Structures in the Anterio-medial aspect of the Knee
When patients complain of anterio-medial knee pain, the most common diagnosis given is a medial meniscus strain. However, there are a few more structures in the anterio-medial aspect of the knee that could be the cause of pain. There is the medial fat pad, which with intensive running or tight quadriceps muscles can get inflamed thus causing pain. There is also the medial plica, which is a layer of synovial fold that can get inflamed with repeated rubbing of the patellar against the medial aspect of the knee. In some cases, medial collateral ligament strains have also been known to refer pain to the anterio-medial aspect of the knee. However, the pes anserinus tendon has commonly been forgotten as a possible cause of pain. In researches done as far back as 1930 by Moschowitz1, pes anserinus had been found to be the number one cause of severe knee pain2.

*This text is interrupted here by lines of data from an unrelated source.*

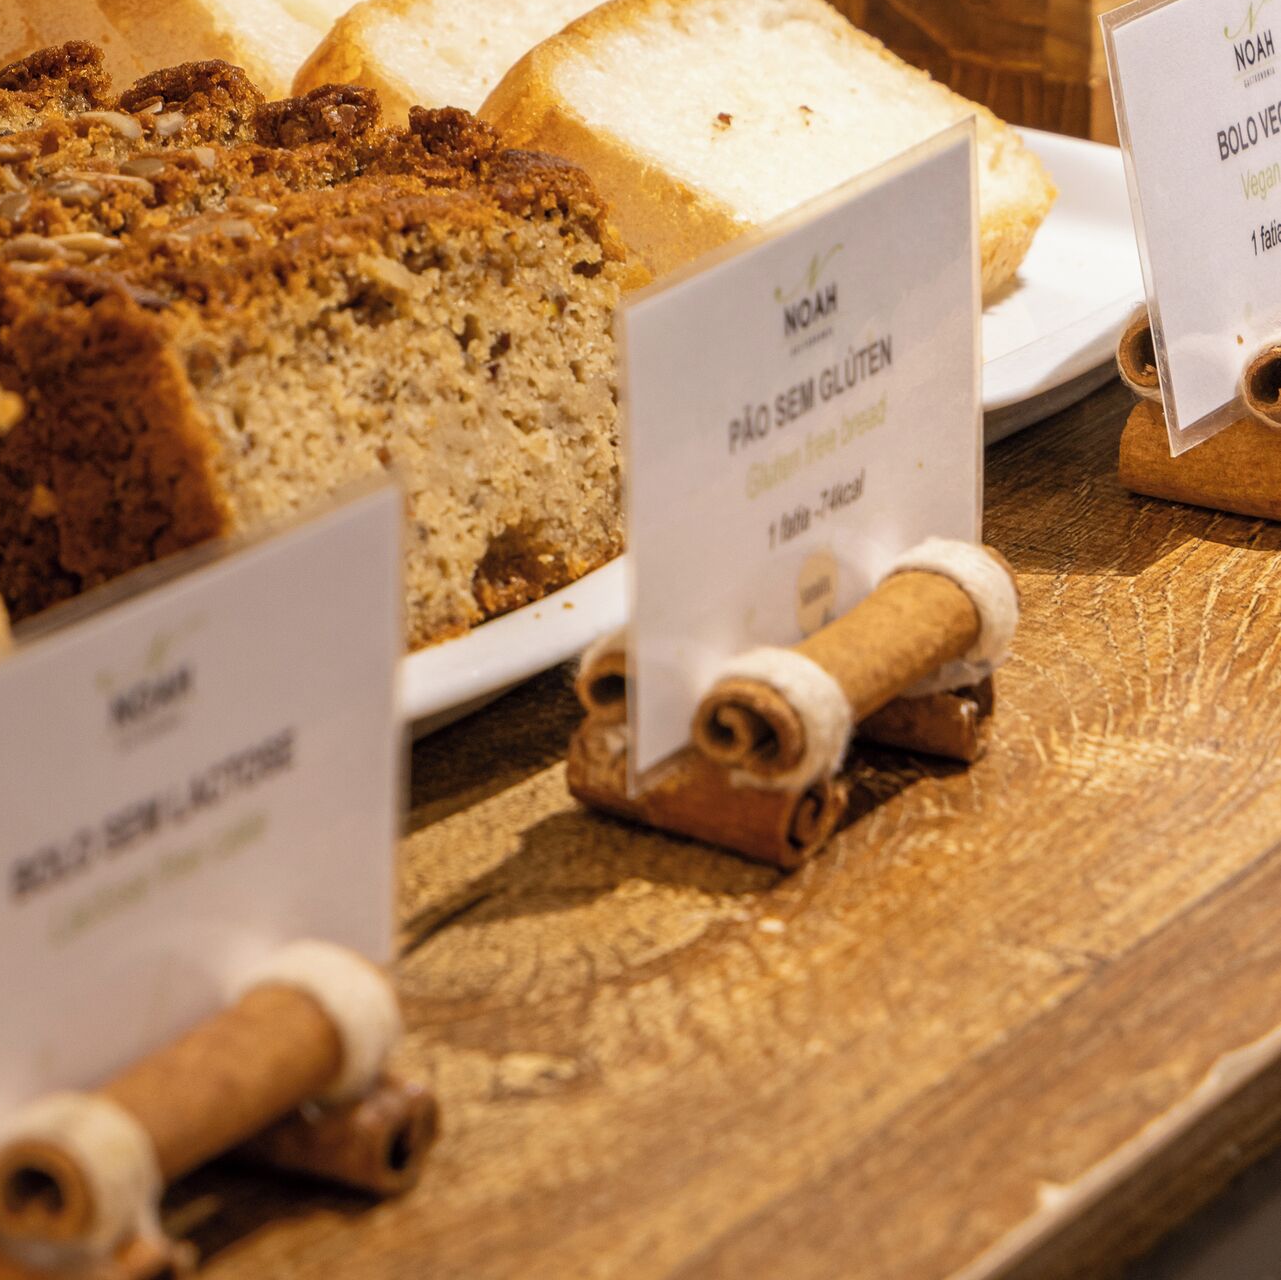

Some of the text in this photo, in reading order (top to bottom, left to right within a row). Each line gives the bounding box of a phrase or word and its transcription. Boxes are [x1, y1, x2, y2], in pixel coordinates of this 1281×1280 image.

[1233, 29, 1275, 72] NOAH
[1217, 116, 1258, 161] BOLO
[1251, 229, 1258, 256] 1
[784, 282, 839, 338] NOAH
[775, 377, 815, 428] SEM

The pes anserinus tendon, or Goose’s feet in Latin, is a conjoined tendon formed by 3 muscles that inserts into the medial aspect of the knee, namely Semitendinosus, Sartorius and Gracilis1,3,4,5. The Semimembranosus has also been mentioned in some studies instead of Sartorius2,4. The conjoined tendon inserts into the medial tuberosity of the tibia, inferior to the distal attachment of the medial collateral ligament (MCL)3,4. Due to the close proximity of the attachment of the tendon to the MCL and medial meniscus, it is not uncommon of us to think it’s a medial meniscus strain or MCL strain rather than a pes anserinus tendonitis.
Causes of Pes Anserinus Tendinitis in Runners
The causes of pes anserinus tendonitis in runners are well documented; they tend to have
- moderate to severe pronation of their feet2,3,
- weak hamstrings2,3,4,
- tight quadriceps2,3 and
- they would also have either suddenly increased their running intensity or change the terrain that they run on3,4.

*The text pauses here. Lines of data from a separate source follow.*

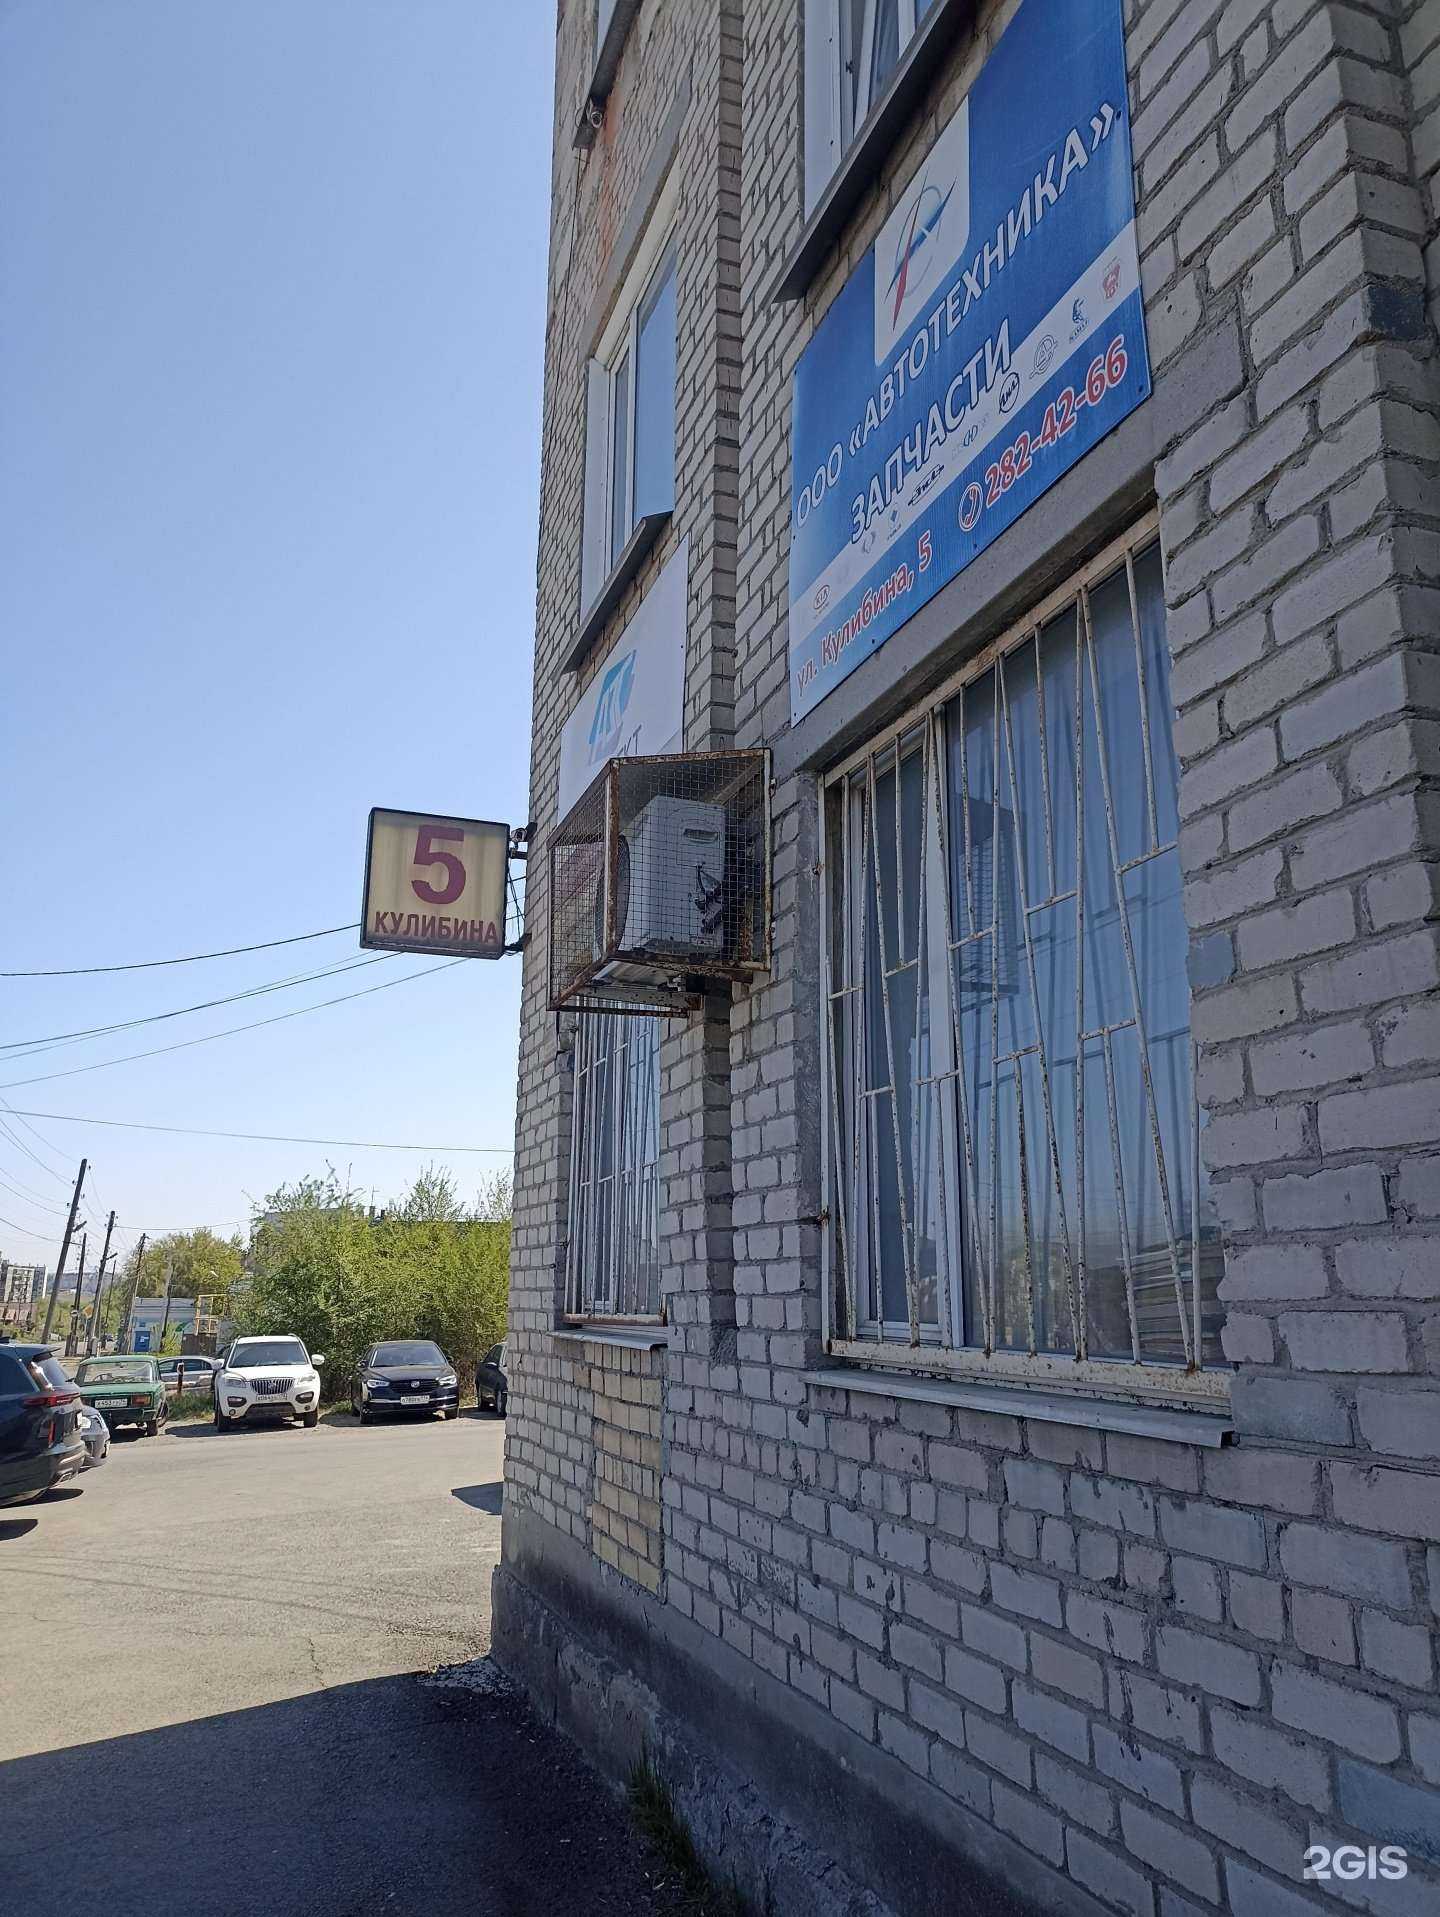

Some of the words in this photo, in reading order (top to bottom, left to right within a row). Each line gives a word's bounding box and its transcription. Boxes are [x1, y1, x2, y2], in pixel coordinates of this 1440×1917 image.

[796, 442, 843, 529] ООО
[848, 102, 1115, 459] «АВТОТЕХНИКА»
[850, 317, 1013, 545] ЗАПЧАСТИ
[983, 333, 1129, 509] 282-42-66
[795, 655, 818, 698] ул.
[820, 560, 915, 664] Кулибина,
[917, 530, 933, 575] 5
[374, 910, 499, 946] КУЛИБИНА
[411, 825, 467, 905] 5

Pes anserinus tendinitis is normally a gradual onset rather than a traumatic one and it’s commonly a result of overuse.
In patients with moderate to severe pronation of their feet, the tibia will be internally rotated, putting strain onto the pes anserinus tendon. As most runners do not really do strength training, especially for the hamstring, the hamstring is unable to cope with the increase in the intensity of running.
Furthermore, with most patients holding a deskbound job, prolonged sitting would lead to tightness in the quadriceps and further weakness of the hamstring muscle. Running at a faster pace, a sudden increase in the frequency in training or adding more hills to one’s training regime increases the strain on the hamstring as the hamstring needs to contract stronger and with an increase in the frequency of training, it doesn’t allow the muscles adequate time to recover.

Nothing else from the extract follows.